Caesar: Hence! Wilt thou lift up to Olympus?

Decius: Great Caesar, –

Caesar: Doth not Brutus bootless kneel?

Casca: Speak , hands, for me!

Caesar: Et tu, Brute! Then fall, Caesar!

Ever since that particular 15 March in 44 BC when Julius Caesar was murdered at the hands of some 40 Senators in the Temple of Ptolomy, the day has held grim connotations. Save the vernal equinox, it may be the most famous date in the month, well-known to just about anyone who attended secondary school in the English-speaking world.

A few more people who had reason to dislike 15 March:

The English – In 1360 the French invade the south coast of England and capture the town of Winchell. In 1744 Louis XV declares war on England, and in 1781 the British Army suffers a decisive defeat at The Battle of Guilford Courthouse, NC.

The Mexicans – In 1916 Gen. John J. Pershing leads 15,000 troops into Mexico chasing Pancho Villa and stays ten months.

The Russian Monarchy – Tsar Nicholas II is forced to abdicate in 1917.

Residents of North Dakota – A blizzard in 1941 kills 151 people.

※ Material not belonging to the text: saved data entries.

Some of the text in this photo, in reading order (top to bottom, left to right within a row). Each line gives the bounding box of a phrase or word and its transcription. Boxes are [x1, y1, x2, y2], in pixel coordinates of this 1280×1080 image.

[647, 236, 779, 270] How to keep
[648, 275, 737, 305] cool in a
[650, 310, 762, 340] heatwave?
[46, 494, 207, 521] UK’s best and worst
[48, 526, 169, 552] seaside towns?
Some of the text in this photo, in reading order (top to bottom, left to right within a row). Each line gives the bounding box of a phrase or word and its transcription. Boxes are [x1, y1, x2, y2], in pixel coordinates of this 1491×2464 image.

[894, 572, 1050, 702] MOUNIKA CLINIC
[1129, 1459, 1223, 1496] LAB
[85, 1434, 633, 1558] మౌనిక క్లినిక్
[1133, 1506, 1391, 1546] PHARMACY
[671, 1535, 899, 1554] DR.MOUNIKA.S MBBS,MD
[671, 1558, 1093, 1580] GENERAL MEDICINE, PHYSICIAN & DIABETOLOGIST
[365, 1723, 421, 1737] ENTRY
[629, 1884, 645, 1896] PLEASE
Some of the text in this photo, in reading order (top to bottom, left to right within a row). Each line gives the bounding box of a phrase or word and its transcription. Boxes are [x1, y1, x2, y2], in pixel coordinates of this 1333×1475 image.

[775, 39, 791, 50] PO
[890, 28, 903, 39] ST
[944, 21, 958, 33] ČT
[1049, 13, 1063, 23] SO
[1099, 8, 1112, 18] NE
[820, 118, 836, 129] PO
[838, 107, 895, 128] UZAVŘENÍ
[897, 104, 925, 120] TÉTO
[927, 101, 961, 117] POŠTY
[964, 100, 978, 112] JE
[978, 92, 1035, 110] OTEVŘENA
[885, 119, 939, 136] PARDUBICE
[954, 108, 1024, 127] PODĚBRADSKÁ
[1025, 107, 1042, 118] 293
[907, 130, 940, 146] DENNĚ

Citizens of Los Angeles – The Watts race riots started today in 1966.

Fun with Dates

Because the Romans were using the Julian calendar, as was the England of Shakespeare’s time, I decided to check and see what the Gregorian equivalent of 15 March (Julian) would be. It turns out the discrepancy is not as great as I would have thought, and 15 March 44 BC is 17 March under the Gregorian calendar. It was a Sunday.

Shakespeare’s Influence

While researching the header dialogue from my copy of The Unabridged William Shakespeare (1989 Running Press), I was surprised to see that I’d been exposed to no fewer than eleven of his plays in high school, along with the usual number of sonnets.

The plays are The Tempest, The Comedy of Errors, Much Ado About Nothing, A Midsummer Nights Dream, The Merchant of Venice, The Taming of the Shrew, All’s Well That Ends Well, Romeo and Juliet, Julius Caesar, Macbeth, Hamlet, and Othello.

Pretty standard fare at the time, but I wonder if today’s students get the same exposure to some of the greatest dramas and language English has to offer.